Perguntado pelos representantes do CALC sobre a forma como se daria tal controle e a partir de qual horário, bem como a data de término da instalação das grades, Nakao respondeu que tais questões ainda não haviam sido definidas, mas que se tratava de "obrigações dele enquanto 'gestor público'".
 
No encontro foram discutidas as dificuldades de acesso às dependências da ECA, causadas pela grade. Os estudantes condenaram a forma como ela foi instalada, "sem diálogo com a comunidade ecana", pois a grade "ocupa terreno da ECA". Enfatizaram que a Congregação não discutiu o assunto.
 
Também demonstraram preocupação em relação à segurança no entorno. O espaço é mal iluminado, colocando em risco a segurança dos pedestres que por ali transitam.
 
O único resultado da reunião foi a constituição de uma comissão paritária no âmbito da ECA, com participação da diretoria, do centro acadêmico e da atlética, além de docentes.

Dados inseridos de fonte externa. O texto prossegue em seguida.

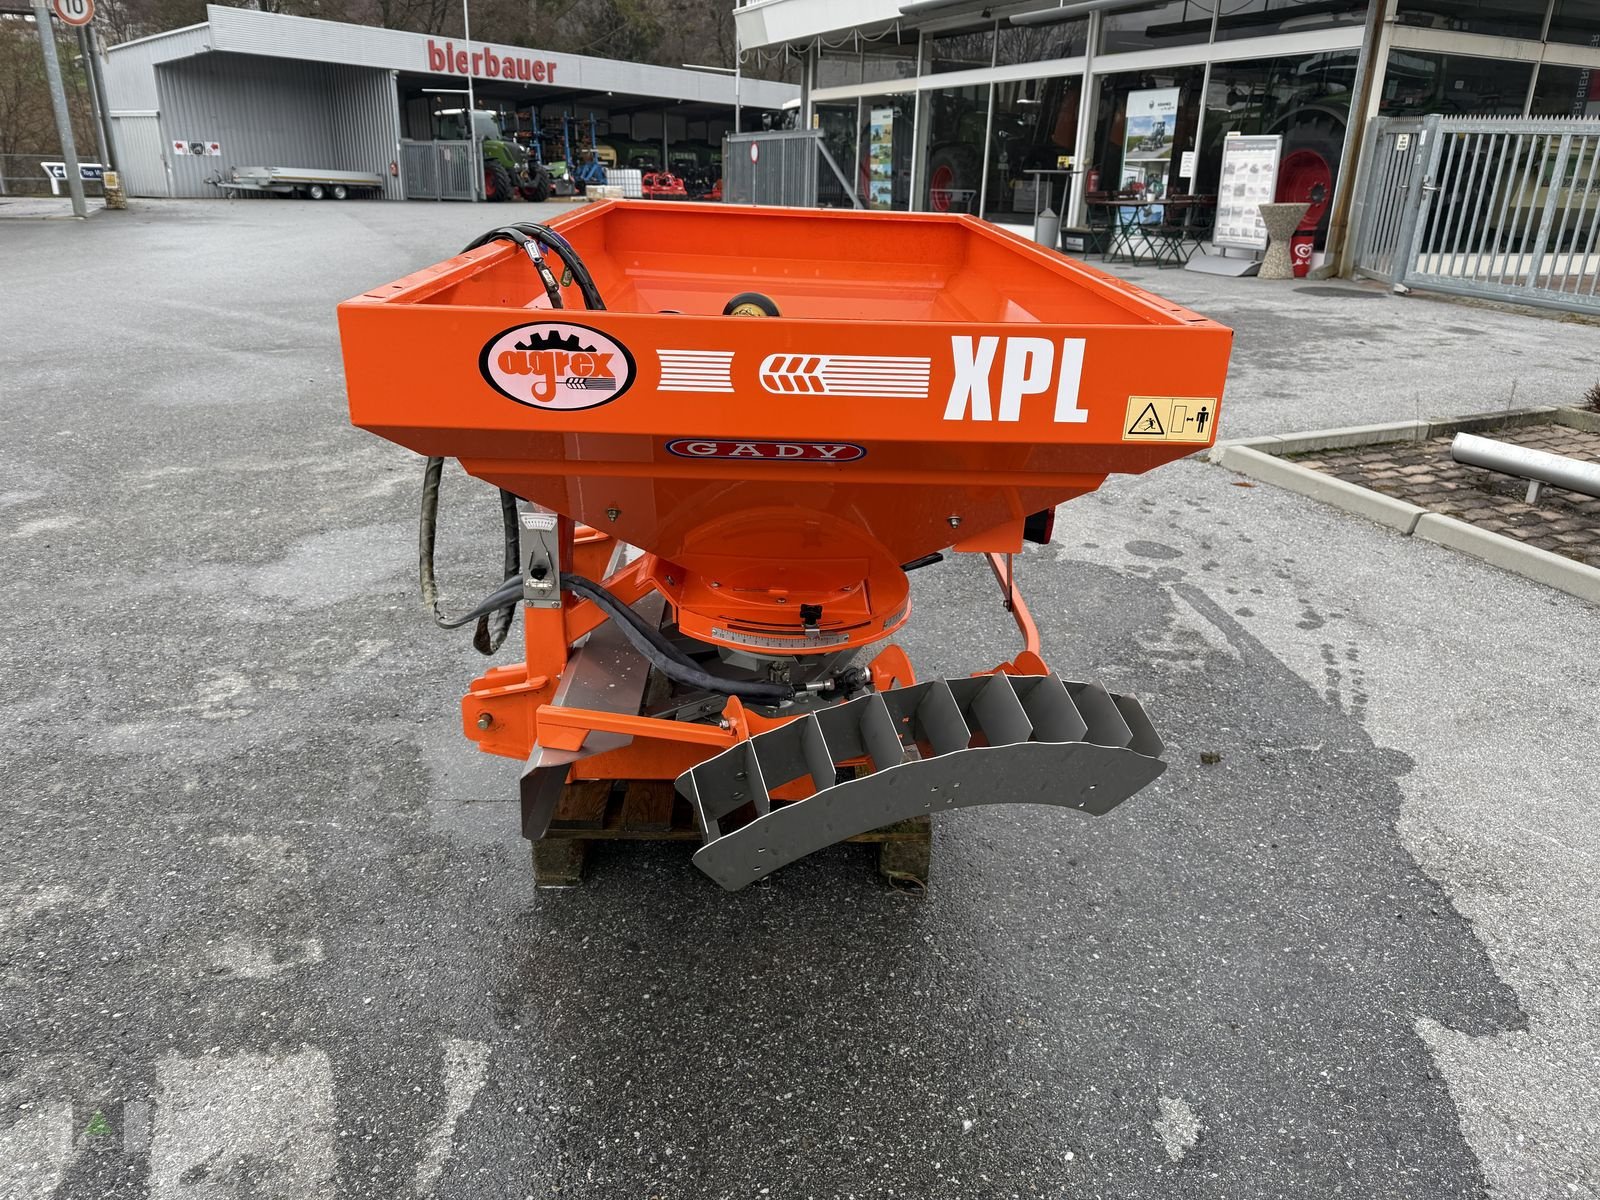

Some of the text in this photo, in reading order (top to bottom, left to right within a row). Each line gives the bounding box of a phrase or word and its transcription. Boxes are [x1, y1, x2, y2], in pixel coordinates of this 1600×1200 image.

A comissão ficaria responsável por elaborar e enviar à SEF propostas de formas de acesso às dependências da ECA. No entanto, a comissão será apenas consultiva.
 
Portão fechado
 
Porém, às 20 horas do dia 14/2, o portão de pedestres da ECA foi fechado e o acesso proibido a qualquer pessoa a partir deste horário. No mesmo dia, às 17 horas, o Sintusp recebeu ordem de retirada de todos os carros que permaneciam no entorno de sua sede. No dia 16/2, carros conduzidos por diretores do Sintusp foram barrados por guardas universitários no portão da grade e impedidos de entrar na "Prainha".
 
Tais atitudes descumprem acordo firmado entre Reitoria e Sintusp, em audiência realizada no Ministério Público do Trabalho em 26/1. Na ocasião, a Reitoria comprometeu-se a liberar o acesso ao Sindicato de 3 automóveis e 1 motocicleta, bem como a cumprir o Estatuto das Pessoas com Deficiência e o Estatuto do Idoso. O Sintusp emitiu nota denunciando que a Reitoria rompeu o acordo.